Evaluating performance is a crucial step in developing regression models. Because regression models return continuous outputs, such models allow for different gradations of right or wrong. Therefore, we measure the deviation between predictions and actual values in numerical terms. However, a universal metric to measure the performance of regression models does not exist. Instead, there are several metrics, each with its advantages and disadvantages. None of these metrics is sufficient alone, and it is often necessary to use them in combination. This article presents six regression error metrics and explains how to implement them in Python with Scikit-learn.
The rest of this article proceeds in two parts. The first part is conceptual and introduces six error metrics for measuring regression performance. We look at formulas and discuss their pros and cons. The discussion is summarized in a cheat sheet. The second part is a hands-on Python tutorial in which we generate synthetic time series data and use them for training a prediction model. Then we implement the six regression error metrics and evaluate the performance of our model.
Note that this article deals with regression errors. If you are looking for an overview of classification error metrics, check out this tutorial on classification error metrics.

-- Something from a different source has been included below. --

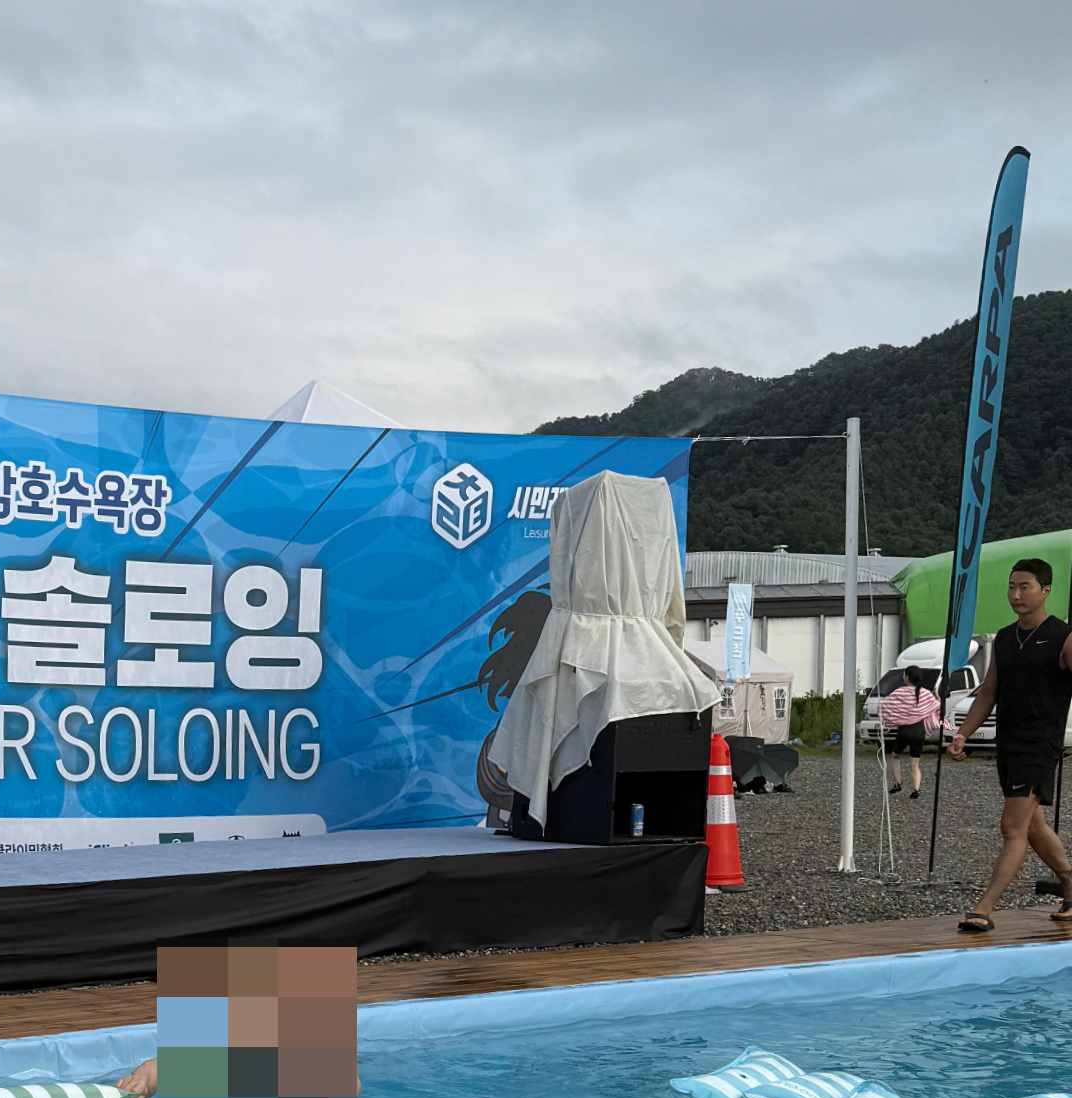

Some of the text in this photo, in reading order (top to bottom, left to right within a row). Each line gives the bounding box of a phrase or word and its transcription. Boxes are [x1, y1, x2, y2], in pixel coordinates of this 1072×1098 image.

[523, 526, 551, 539] Leisur
[1, 555, 324, 691] 솔로잉
[55, 706, 321, 783] SOLOING

Measuring Regression Errors
In general, we measure the performance of regression models by calculating the deviations between the predictions (y_pred) and the actual values (y_test). If the prediction value is below the actual value, the prediction error is positive. If the prediction lies above the real value, the prediction error is negative. However, in a sample of prediction values, the errors can vary greatly depending on the data point. Therefore, it is not enough to look at individual error values. Error metrics can inform us about the statistical distribution of errors in a prediction sample and, in this way, help us to measure the performance of regression models objectively.
Various metrics exist to measure regression errors. Each error metric can only cover a part of the overall picture. For instance, imagine you have developed a model to predict the consumption of a power plant. The model predictions are generally accurate, but the projections are wrong in a few cases. In other words, outliers among the prediction errors make it difficult to conclude the model performance. It is insufficient to calculate the average prediction error to understand this situation. Instead, a more robust measuring approach would combine different error metrics to conclude the probability that prediction errors lie within a specific range.
Six Error Metrics for Measuring Regression Errors
The following six metrics help measure prediction errors. We can apply them to various regression problems, including time series forecasting.
- Mean Absolute Error (MAE)
- Mean Absolute Percentage Error (MAPE)
- Median Absolute Error (MedAE)
- Mean Squared Error (MSE)
- Root Mean Squared Error (RMSE)
- Median Absolute Percent Error (MdAPE)
Mean Absolute Error (MAE)
Mean Absolute Error (MAE) is a metric commonly used to measure the arithmetic average of deviations between predictions and actual values.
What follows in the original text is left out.